The placements of (A) all the stimulation electrodes in the mPFC and the OFC and (B) the distribution of all the neurons recorded (+3.72, +3.24, −2.92, −3.12, and −3.36; AP distance [mm] to bregma). (C) Electrophysiological recording of an amygdala neuron responsive to mPFC stimulation (left) that showed a decrease in evoked responses with OFC 20 ms prepulse (n/50 = evoked spikes out of 50 trials). Arrows, electrical stimulation artifacts from OFC and mPFC stimulation, respectively. Arrowheads, evoked spikes in amygdala. (D) OFC activation exerted an inhibitory gating on the mPFC–amygdala pathway at all delays tested (relative to BL; *P < 0.05). Abbreviations refer to Figure 1.

Figure 4.

The placements of (A) all the stimulation electrodes in the mPFC and the OFC and (B) the distribution of all the neurons recorded (+3.72, +3.24, and −3.12; AP distance [mm] to bregma). (C) Electrophysiological recording of an amygdala neuron that is responsive to mPFC stimulation that exhibited a decrease in evoked responses following OFC 20 ms prepulse. This was reversed to a facilitation upon local administration of GABA antagonists, followed by a rapid return to inhibitory gating (n/50 = evoked spikes out of 50 trials). (D) Compared with BL, evoked probability was significantly decreased with OFC prepulse (20 ms; “a”, P < 0.05), and significantly increased under the influence of GABA antagonists (“b”, P < 0.05).

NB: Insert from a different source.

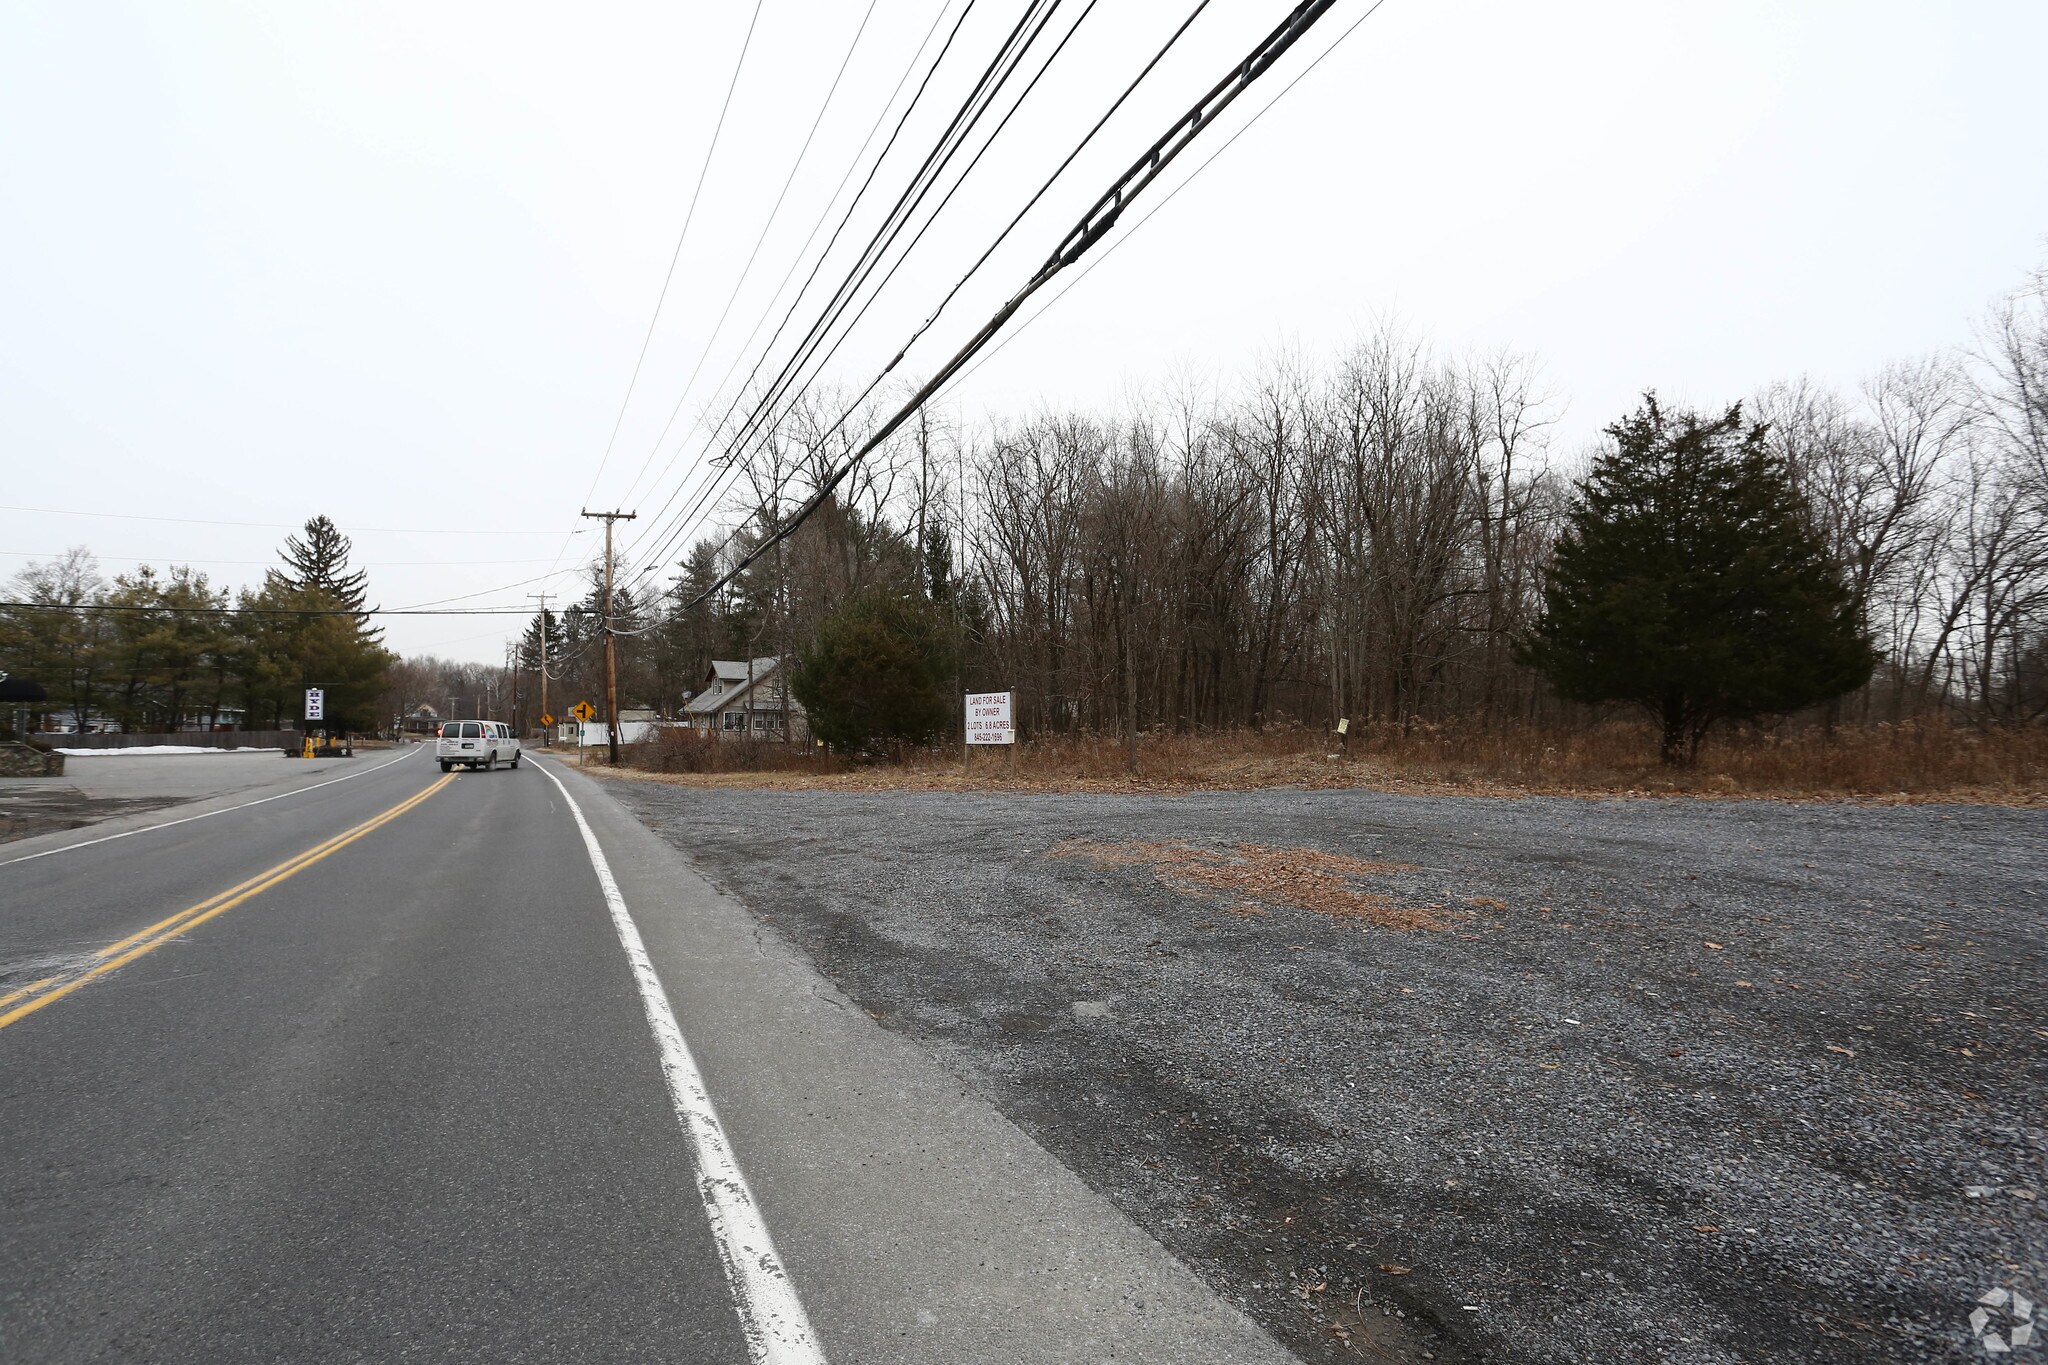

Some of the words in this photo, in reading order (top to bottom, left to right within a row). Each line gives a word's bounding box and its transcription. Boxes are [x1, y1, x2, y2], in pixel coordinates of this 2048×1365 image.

Abbreviations refer to Figures 1 and 3.

Figure 5.

The placements of (A) all the stimulation electrodes in the mPFC and the OFC and (B) the distribution of all the neurons recorded (+3.72, +3.24, and −3.12; AP distance [mm] to bregma). (C) OFC tetanus did not change evoked probability of the amygdala neuron response to mPFC stimulation. (D) Electrophysiological recording of an amygdala neuron that responded to mPFC stimulation after OFC tetanus. (E) Stimulation of the OFC failed to produce an inhibitory gating over the mPFC–amygdala pathway following OFC tetanus. Abbreviations refer to Figures 1 and 3.

Figure 6.

One potential model that may account for the OFC modulation of the mPFC–amygdala pathway. Compared with (A) basal condition, (B) pharmacological or electrical activation of the OFC exerted an inhibitory modulation of the mPFC–amygdala pathway (left), which was reversed by intra-amygdala blockade of GABAergic receptors (right). (C) Tetanization of the OFC-related pathways results in a loss of OFC control over the mPFC–amygdala pathway, presumably because of a selective enhancement of the OFC–amygdala principle neuron input. Abbreviations refer to Figure 1.